Leber’s congenital amaurosis (LCA) is a group of inherited disorders involving retinal degeneration with severe vision loss noted in early infancy. The condition is usually identified through behaviors, including abnormal roving-eye movements (nystagmus). The diagnosis is confirmed by both abnormal electroretinographic responses and pupillary light reflexes.1–4 Most patients with LCA have severe visual impairment throughout childhood; vision deteriorates over time, and patients usually have total blindness by the third or fourth decade of life.4 There is no treatment for LCA.
The LCA2 form of the disease is associated with mutations in RPE65, which encodes a protein requisite for the isomerohydrolase activity of the retinal pigment epithelium. This activity produces 11-cis-retinal from all-trans-retinyl esters.5–8 In the absence of 11-cis-retinal, the natural ligand and chromophore of the opsins of rod and cone photoreceptors, the opsins cannot capture light and transduce it into electrical responses to initiate vision.4,7,9 Although this biochemical defect results in an immediate and profound impairment of visual function, histologic degeneration of retinal cells is delayed in patients with LCA2 and the relevant animal models, even at a time when there exist behaviors that indicate blindness and nearly absent electrophysiological responses.7,10–12
Recombinant AAV2.hRPE65v2 is a replication-deficient AAV vector containing RPE65 cDNA.13 In vitro, AAV2.hRPE65v2 induces the production of RPE65 protein in target cells. AAV2.hRPE65v2 that was injected behind the retina of animal models of LCA2 resulted in rapid development of visual function.13 We have documented long-term, sustained (>7.5 years, with ongoing observation) restoration of visual function in a canine model of LCA2 after a single subretinal injection of AAV2.RPE65.13–15 This and additional safety and efficacy data13 provide the basis for a phase 1 trial of gene therapy in human patients with LCA2.

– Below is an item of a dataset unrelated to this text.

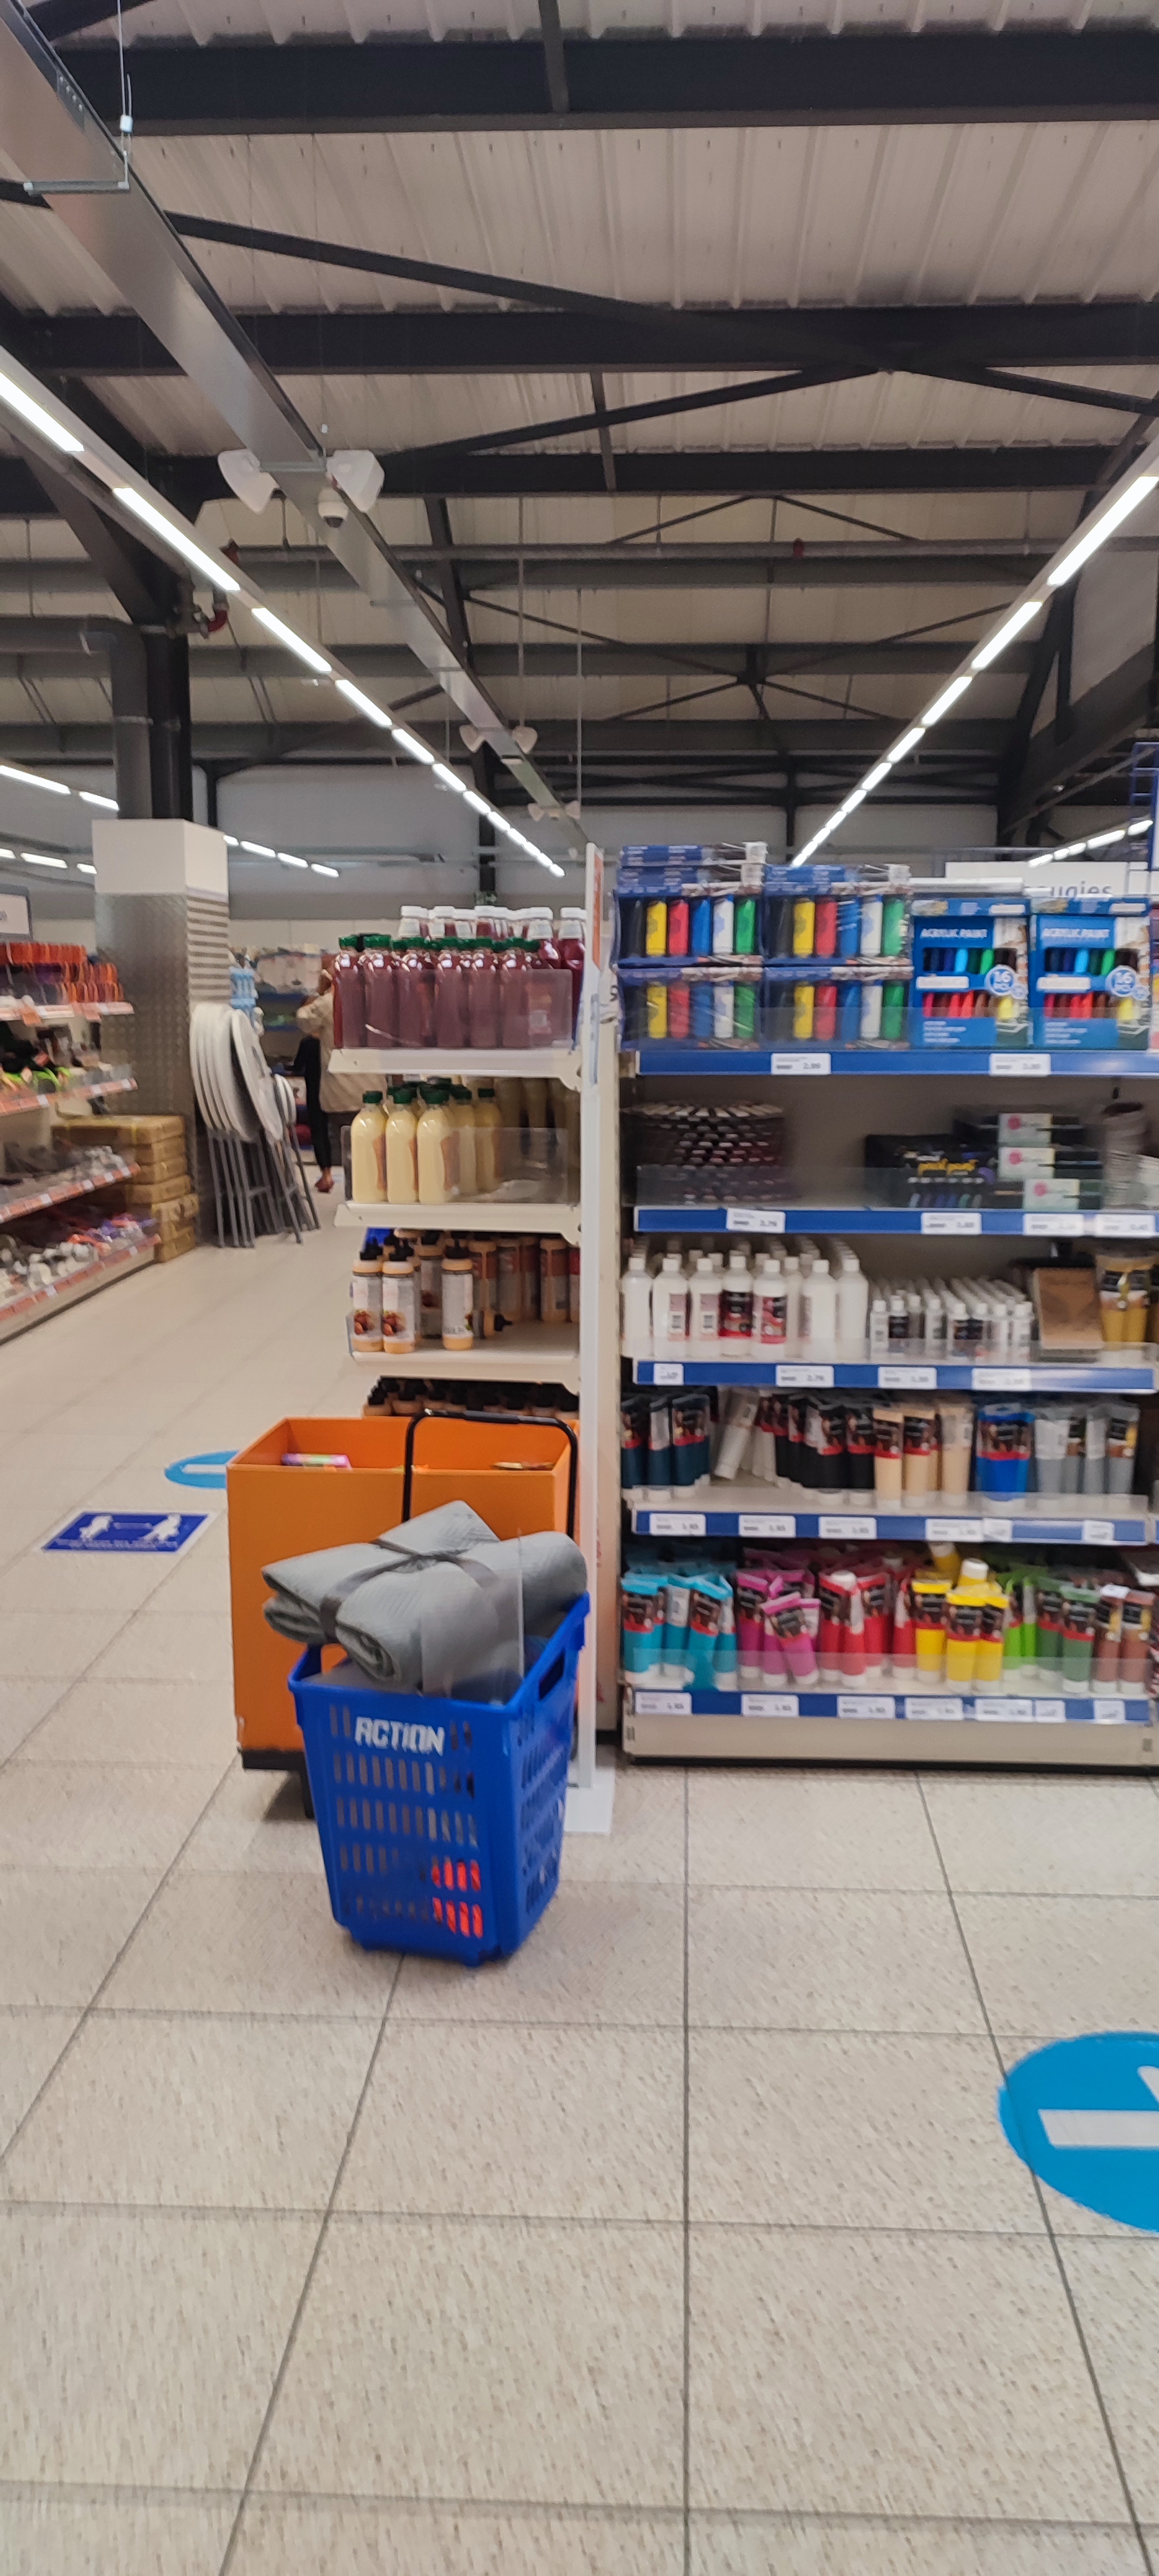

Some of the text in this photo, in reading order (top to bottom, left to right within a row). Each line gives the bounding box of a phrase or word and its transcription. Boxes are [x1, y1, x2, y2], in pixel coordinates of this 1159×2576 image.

[994, 971, 1012, 983] 16
[1115, 972, 1133, 983] 16
[355, 1716, 445, 1756] ACTION

The transgene cassette in the AAV2.hRPE65v2 vector carries a chicken β actin (CBA) promoter that drives the expression of the human RPE65 cDNA.13 The excipient is supplemented with a surfactant to prevent the loss of the vector to surfaces in contact with the product (see the Methods section of the Supplementary Appendix, available with the full text of this article at www.nejm.org).13 The vector was manufactured by the Center for Cellular and Molecular Therapeutics at the Children’s Hospital of Philadelphia, and current Good Manufacturing Practices were used.
Surgery was performed under general anesthesia with the use of a standard three-port pars plana vitrectomy with removal of the posterior cortical vitreous (see the Methods section of the Supplementary Appendix).16 An injection of 1.5×1010 vector genome of AAV2.hRPE65v2 in a volume of 150 µl of phosphate-buffered saline supplemented with Pluronic F-68 NF Prill Poloxamer 188 was administered into the subretinal space, thereby creating a localized dome-shaped retinal detachment (Fig. 1 and Video 1).16
Patients were evaluated before surgery and at designated follow-up visits after surgery by complete ophthalmic examination, a general physical examination, and clinical and laboratory tests, including an assessment of vector biodistribution and immune response.

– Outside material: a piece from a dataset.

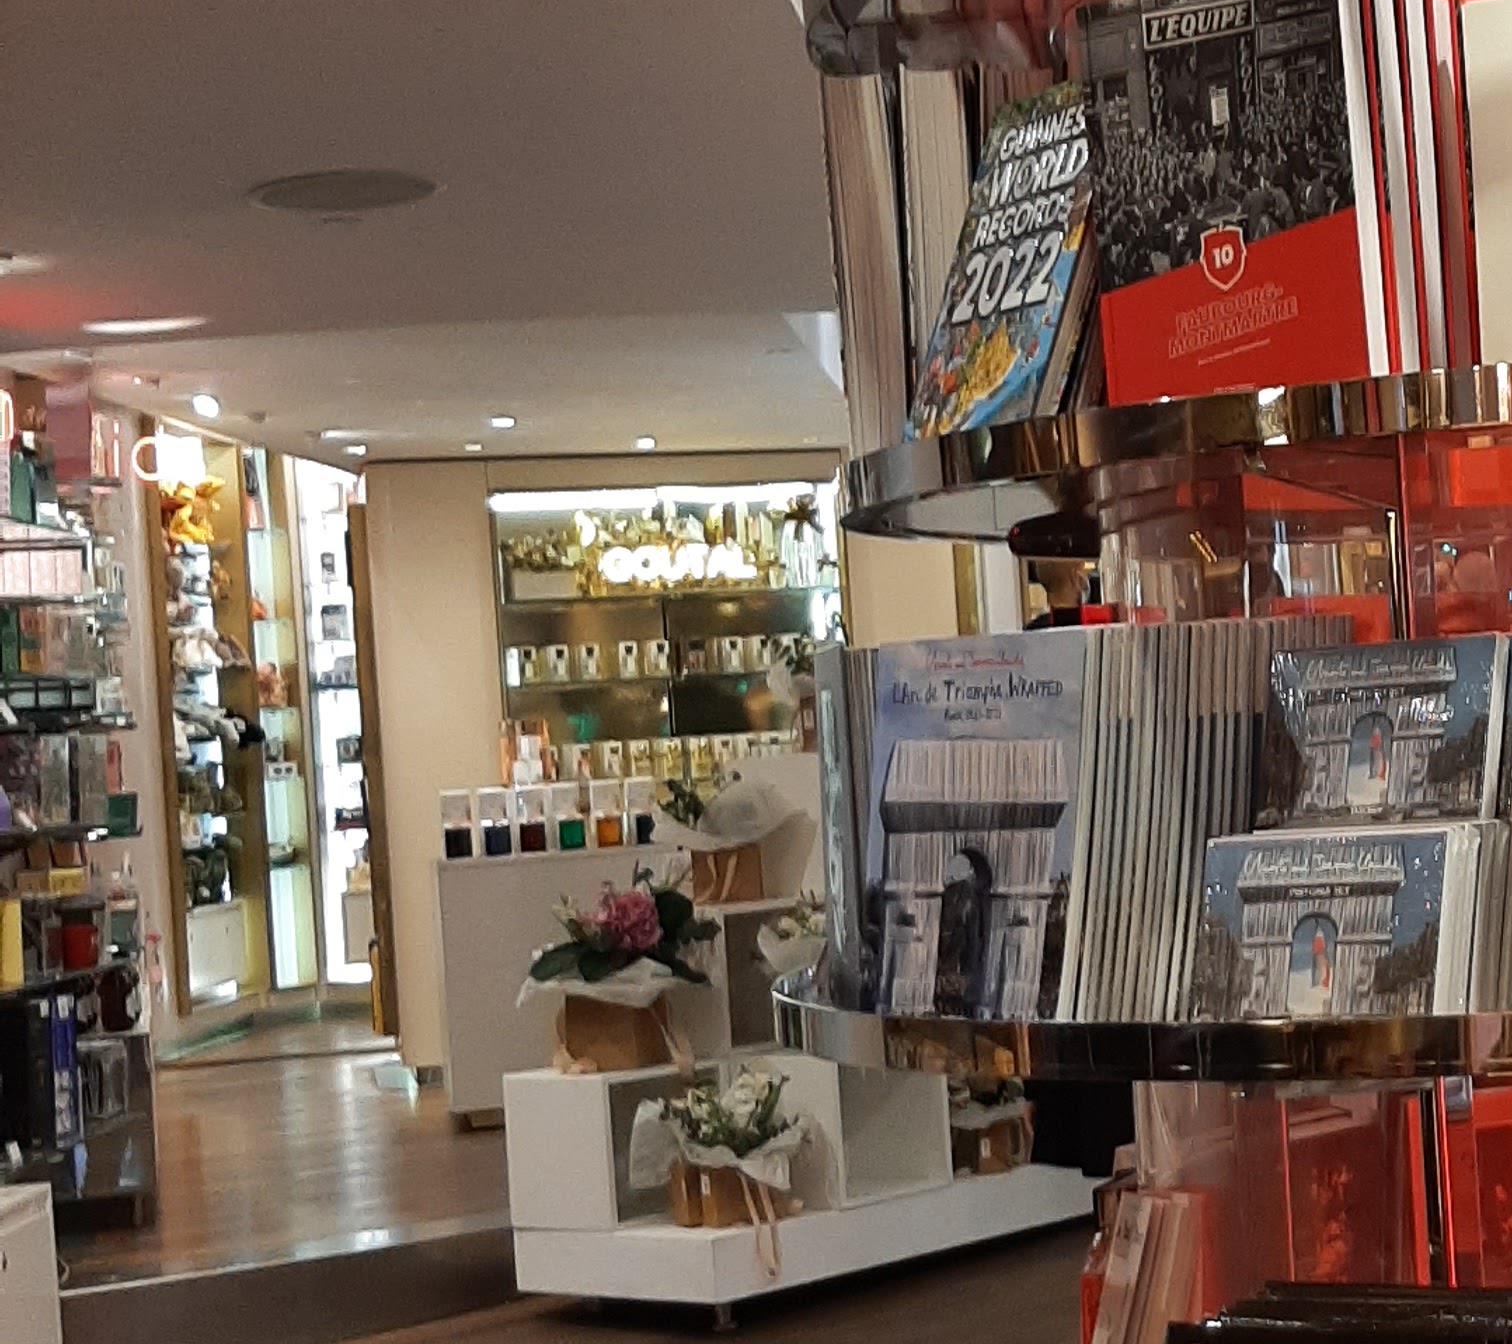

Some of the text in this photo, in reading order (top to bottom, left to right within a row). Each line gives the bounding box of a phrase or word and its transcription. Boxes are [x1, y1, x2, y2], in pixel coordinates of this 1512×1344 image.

Efficacy for each patient was monitored with objective and subjective measures of vision by comparison of the average of at least four preoperative values with the average of at least four measurements taken at least 1 month after injection. Objective measures included evaluation of the pupillary light reflex and nystagmus testing. Subjective measures included standard tests of visual acuity, the Goldmann visual-field examination, and mobility testing to assess differences in the ability of the patients to navigate a standardized obstacle course (Table 1, and Fig. 3 and the Methods section of the Supplementary Appendix and Video 2A and 2B).

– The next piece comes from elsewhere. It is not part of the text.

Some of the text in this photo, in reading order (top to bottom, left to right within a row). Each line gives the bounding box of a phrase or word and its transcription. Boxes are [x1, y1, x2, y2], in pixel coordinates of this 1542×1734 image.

Visual acuity was measured by trained vision examiners using a standard protocol involving Early Treatment Diabetic Retinopathy Study (ETDRS) charts and letter counts. Letter scores were converted to the log of the minimum angle of resolution (logMAR), on a scale ranging from 0.00 to 2.00, with higher values indicating poorer vision. Eyes that could detect hand motions were assigned a score that was one line worse than the largest printed line on the chart tested at a standardized distance of 4 m (<20/1600) to provide the most conservative evaluation in terms of underestimating the actual extent of visual impairment.17
Three consecutive patients who had LCA2 and were between the ages of 19 and 26 years provided written informed consent (see the Supplementary Appendix). The patients were enrolled in the trial from September 2007 through January 2008. Eligibility was confirmed, and the eye with worse function was selected for delivery of AAV2.hRPE65v2 (Table 1 of the Supplementary Appendix). In all three patients, the right eye was selected for surgery (Table 1).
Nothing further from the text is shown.